Viruses are ubiquitous in the oceans, exhibiting high abundance and diversity. Here, we systematically analyze existing genomic sequences of marine prokaryotes to compile a Marine Prokaryotic Genome Dataset (MPGD, consisting of over 12,000 bacterial and archaeal genomes) and a Marine Temperate Viral Genome Dataset (MTVGD).

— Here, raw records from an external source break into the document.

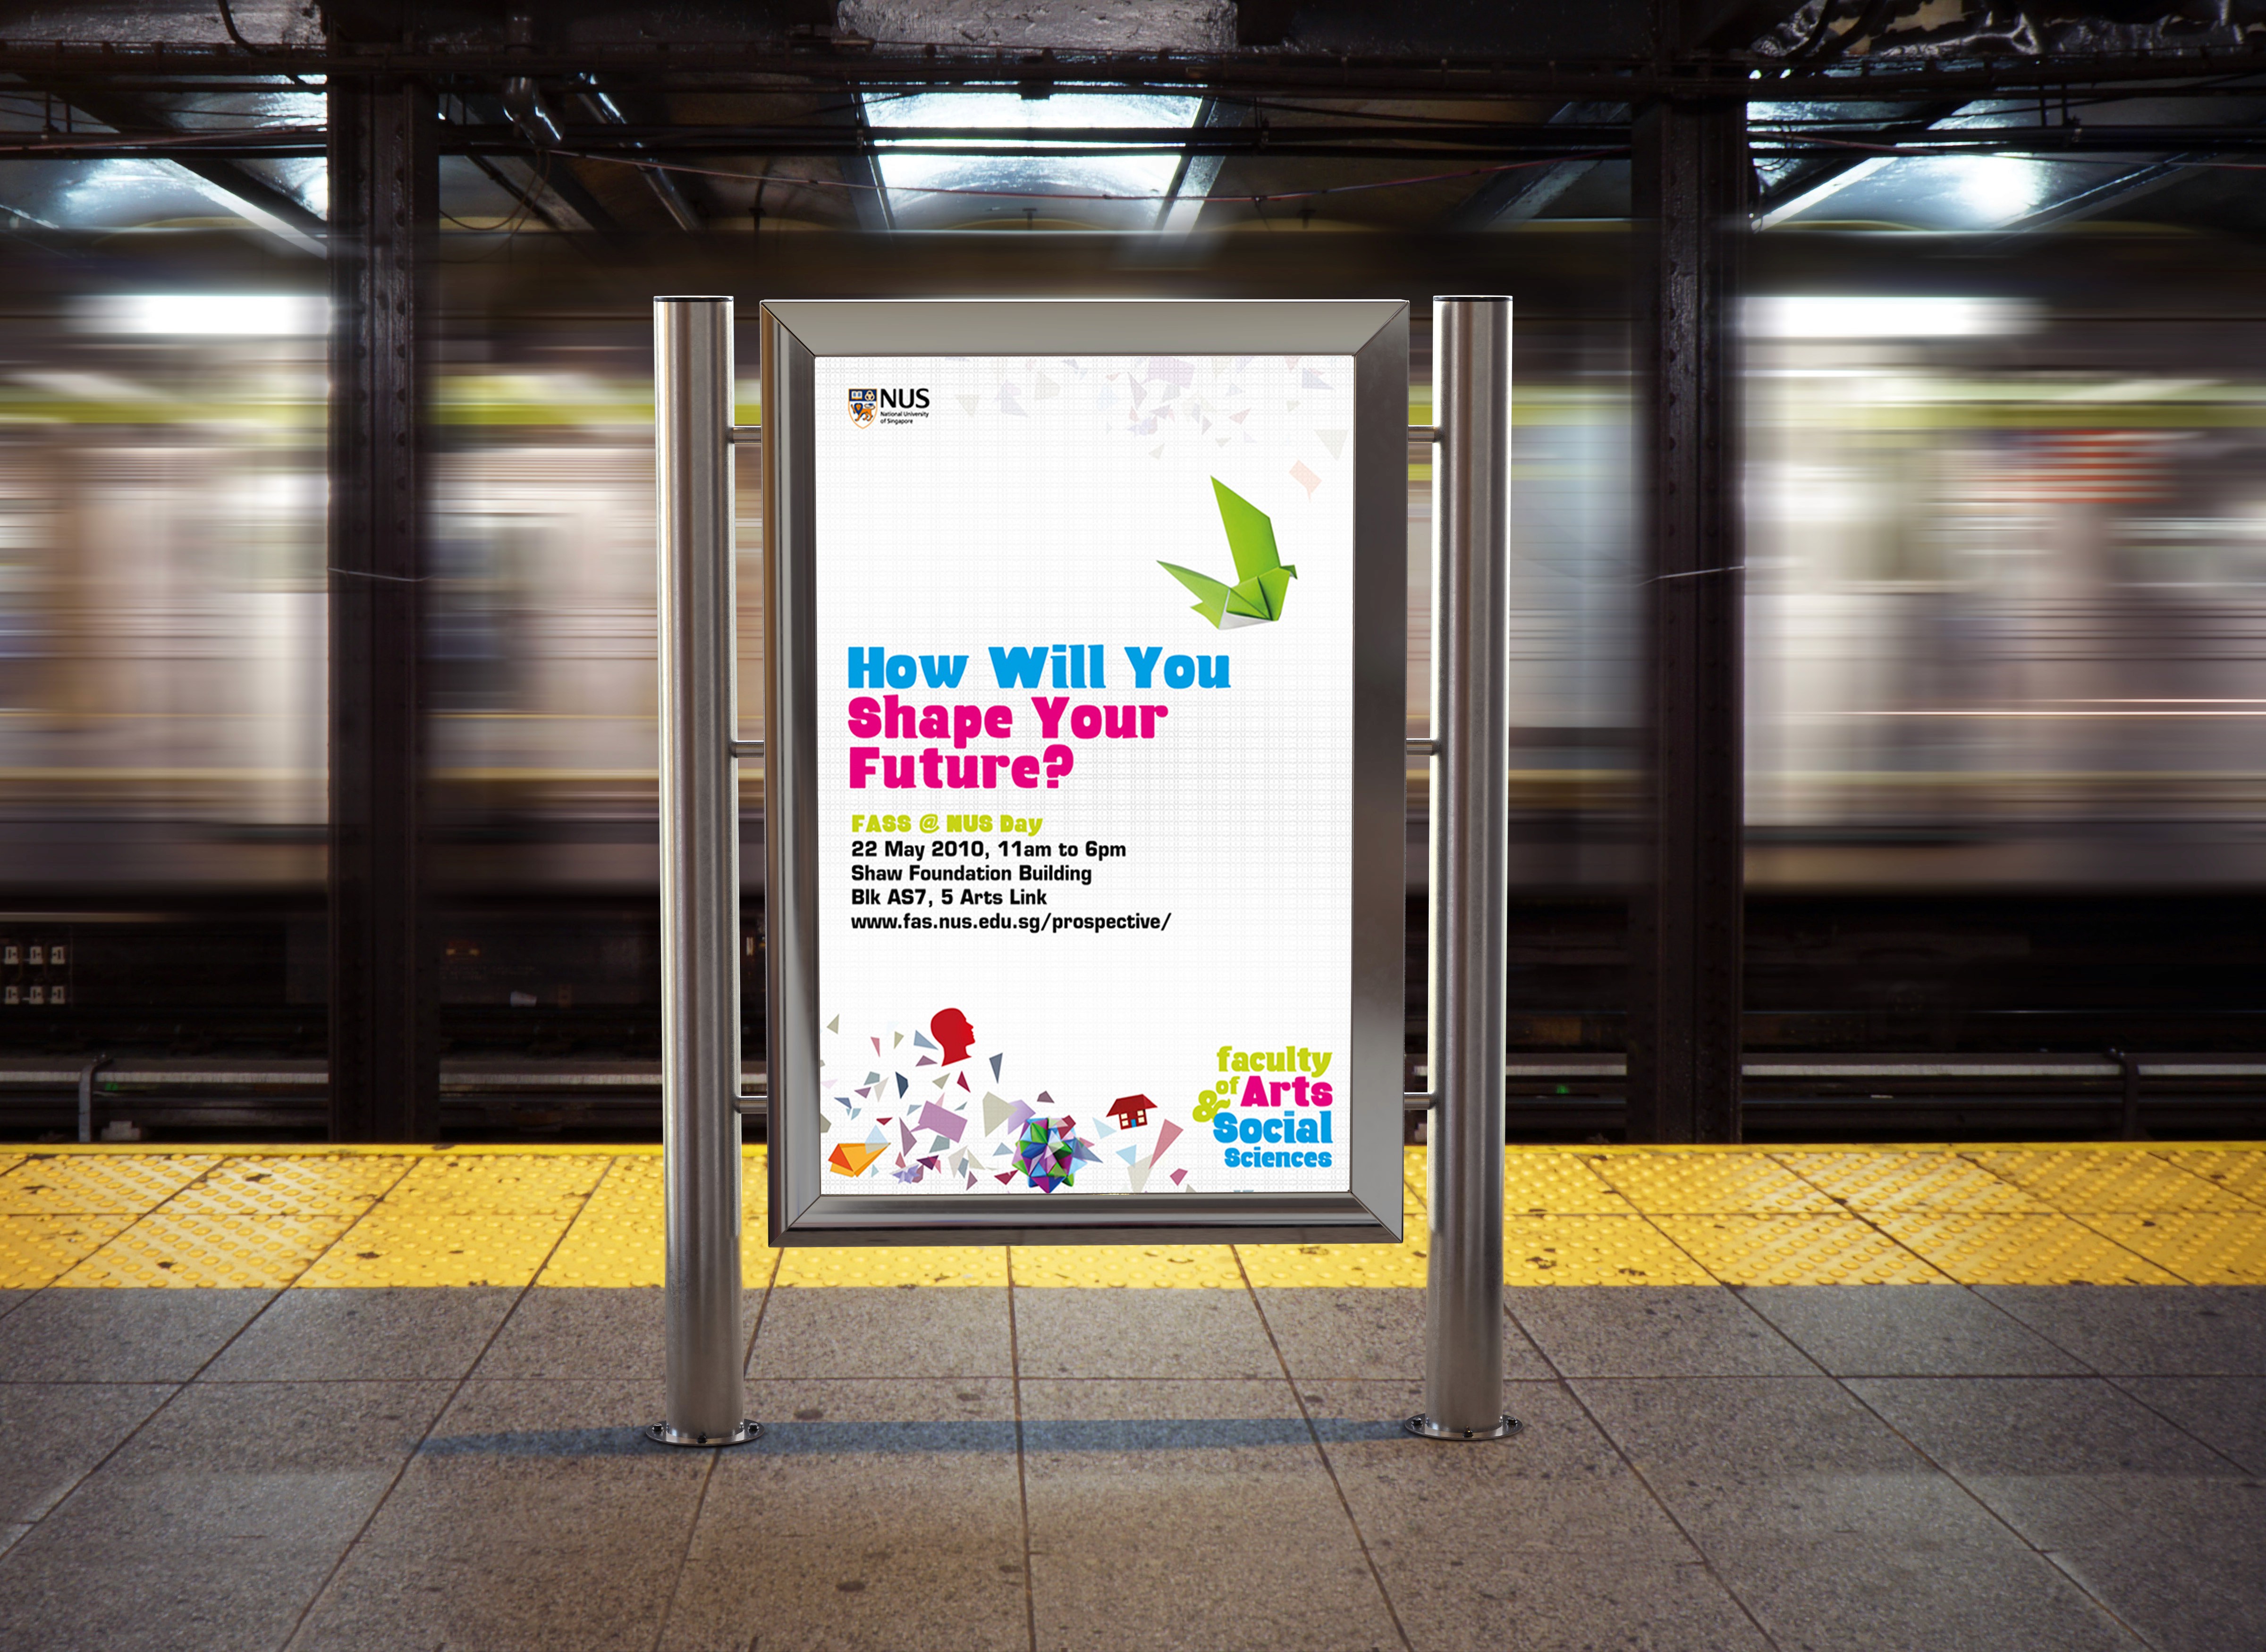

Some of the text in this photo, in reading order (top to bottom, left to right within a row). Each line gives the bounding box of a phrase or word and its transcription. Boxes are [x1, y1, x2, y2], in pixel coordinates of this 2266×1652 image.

[880, 388, 930, 409] NUS
[848, 644, 1231, 690] How Will You
[847, 694, 1169, 749] Shape Your
[849, 743, 1074, 789] Future?
[852, 813, 1043, 837] FASS @ NUS Day
[852, 840, 1126, 861] 22 May 2010, 11am to 6pm
[851, 864, 1092, 885] Shaw Foundation Building
[852, 888, 1048, 908] Blk AS7, 5 Arts Link
[851, 912, 1172, 934] www.fas.nus.edu.sg/prospective/
[1216, 1045, 1333, 1078] faculty
[1215, 1075, 1333, 1107] of Arts
[1192, 1089, 1333, 1144] & Social
[1224, 1146, 1332, 1168] Sciences
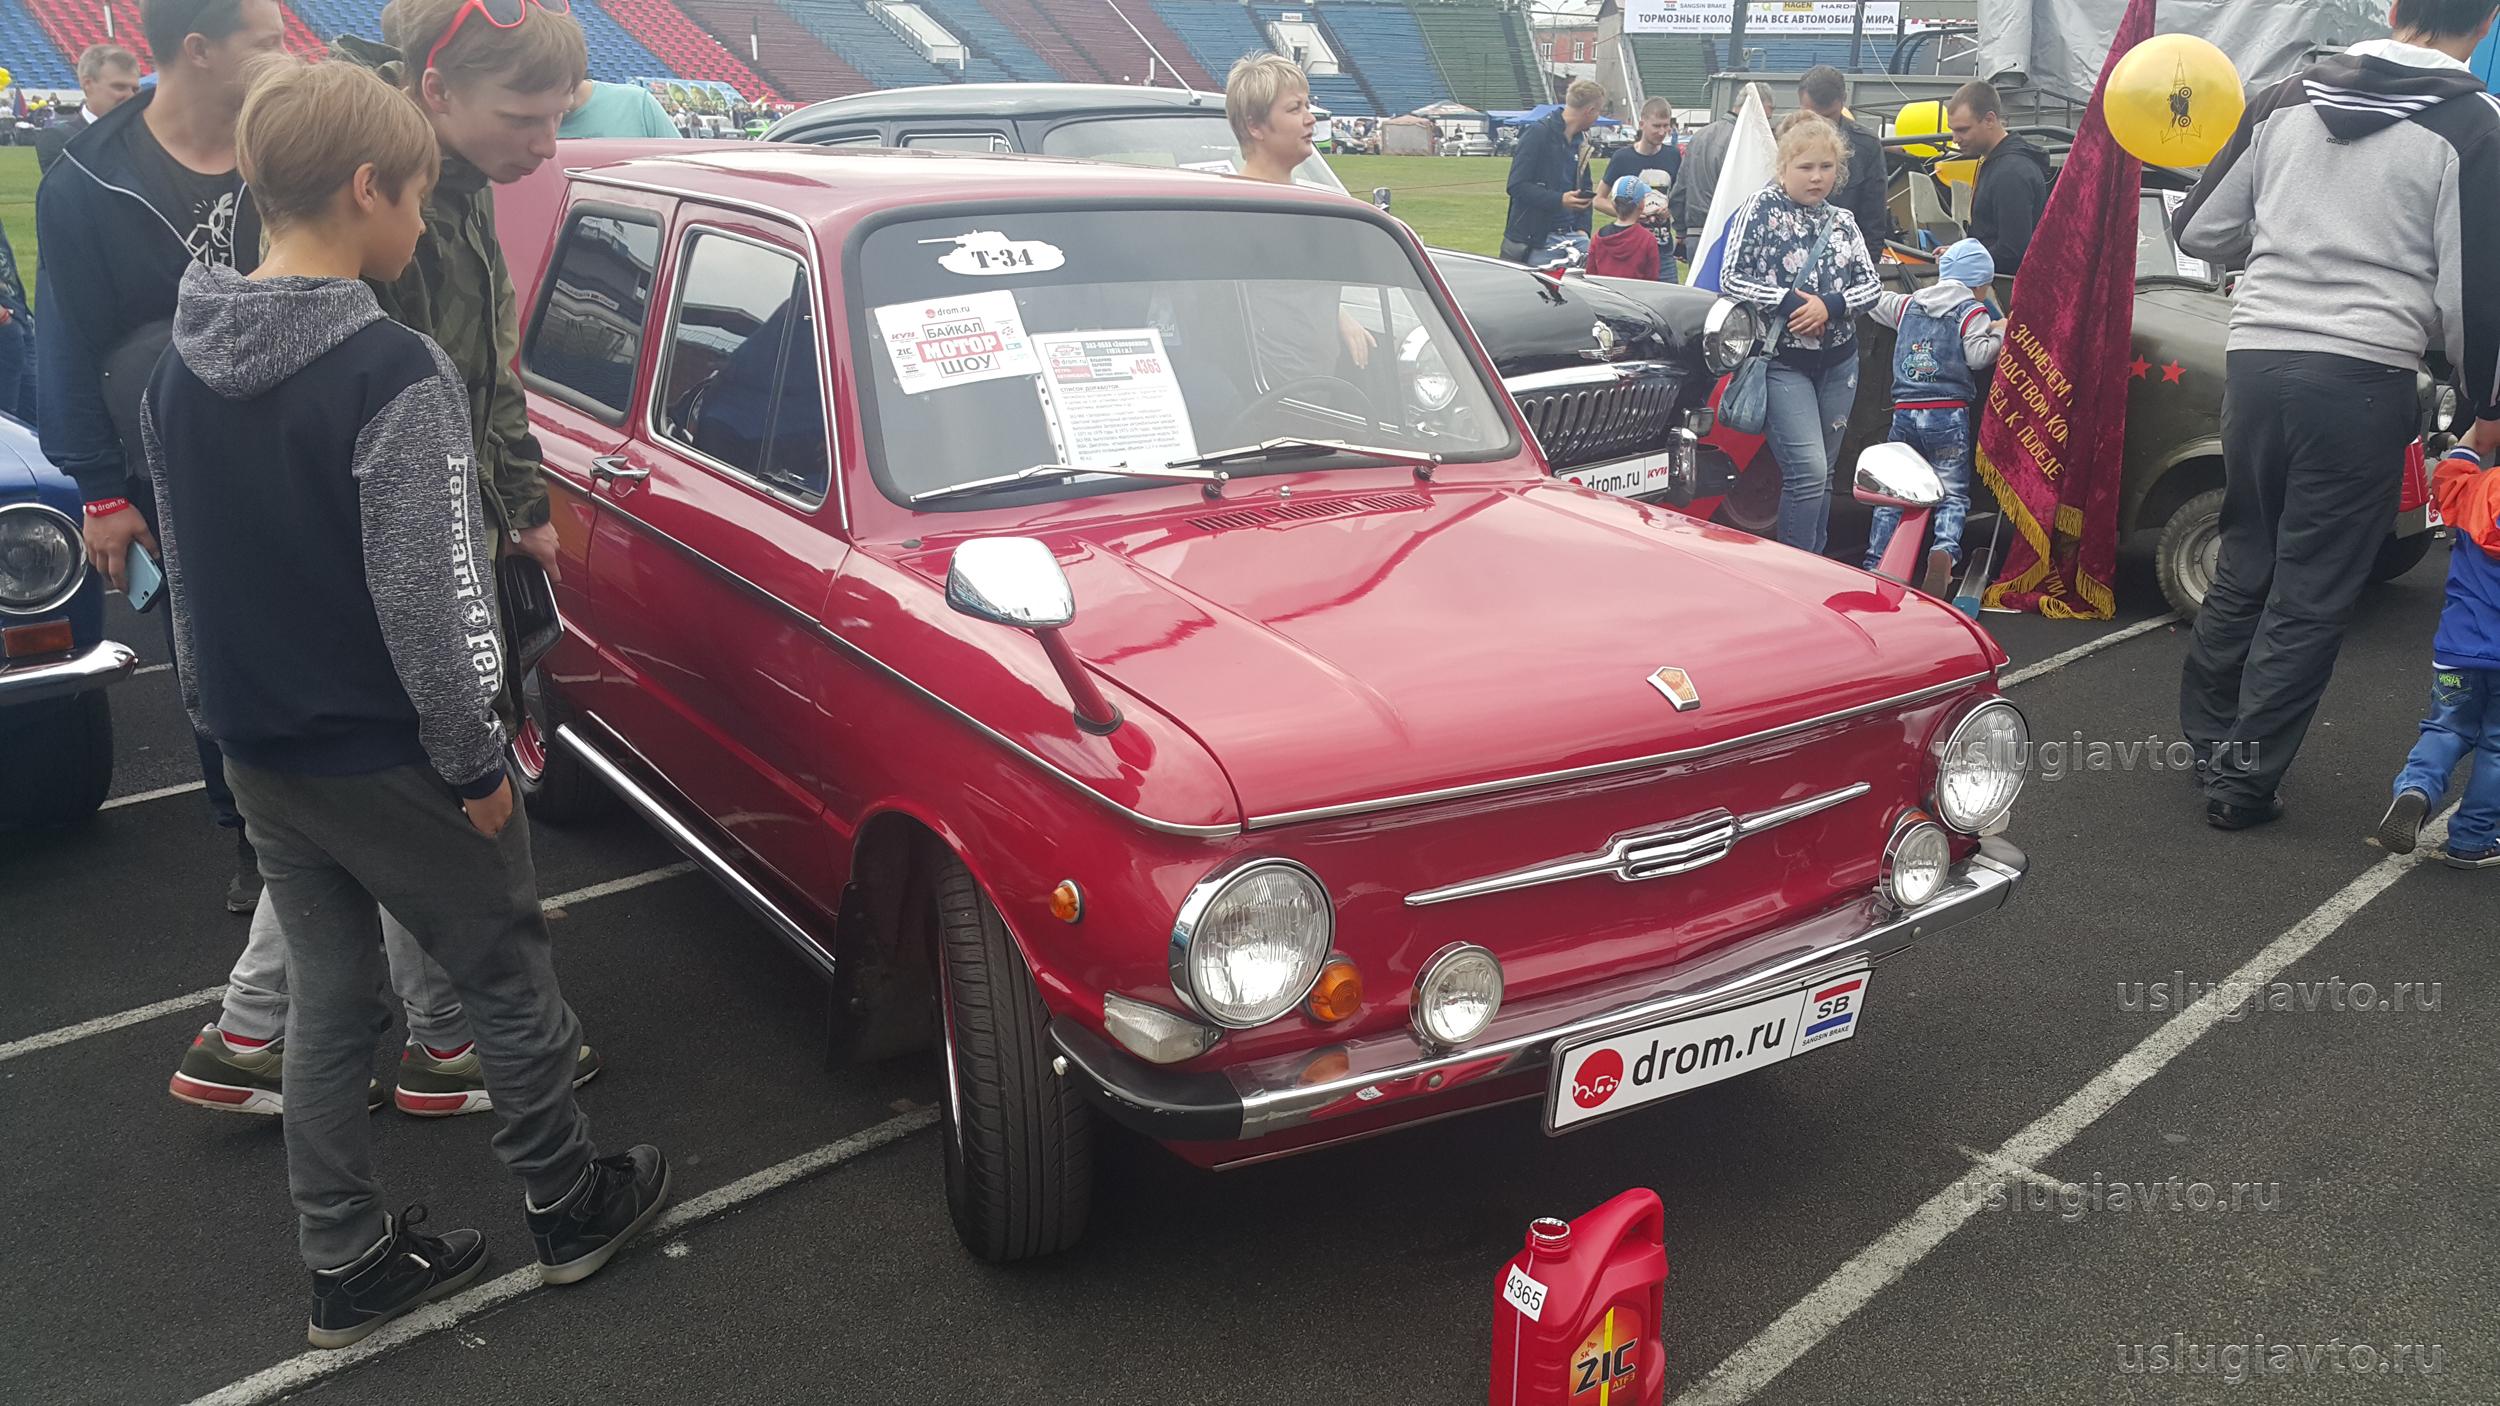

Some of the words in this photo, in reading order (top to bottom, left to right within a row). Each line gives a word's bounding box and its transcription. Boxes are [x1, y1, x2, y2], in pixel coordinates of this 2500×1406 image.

At least 40% of the MPGD genomes contain one or more proviral sequences, indicating that they are lysogens. The MTVGD includes over 12,900 viral contigs or putative proviruses, clustered into 10,897 viral genera. We show that lysogens and proviruses are abundant in marine ecosystems, particularly in the deep sea, and marine lysogens differ from non-lysogens in multiple genomic features and growth properties. We reveal several virus-host interaction networks of potential ecological relevance, and identify proviruses that appear to be able to infect (or to be transferred between) different bacterial classes and phyla. Auxiliary metabolic genes in the MTVGD are enriched in functions related to carbohydrate metabolism. Finally, we experimentally demonstrate the impact of a prophage on the transcriptome of a representative marine Shewanella bacterium. Our work contributes to a better understanding of the ecology of marine prokaryotes and their viruses.

Suggested Citation

  • Yi Yi & Shunzhang Liu & Yali Hao & Qingyang Sun & Xinjuan Lei & Yecheng Wang & Jiahua Wang & Mujie Zhang & Shan Tang & Qingxue Tang & Yue Zhang & Xipeng Liu & Yinzhao Wang & Xiang Xiao & Huahua Jian, 2023. "A systematic analysis of marine lysogens and proviruses," Nature Communications, Nature, vol. 14(1), pages 1-15, December.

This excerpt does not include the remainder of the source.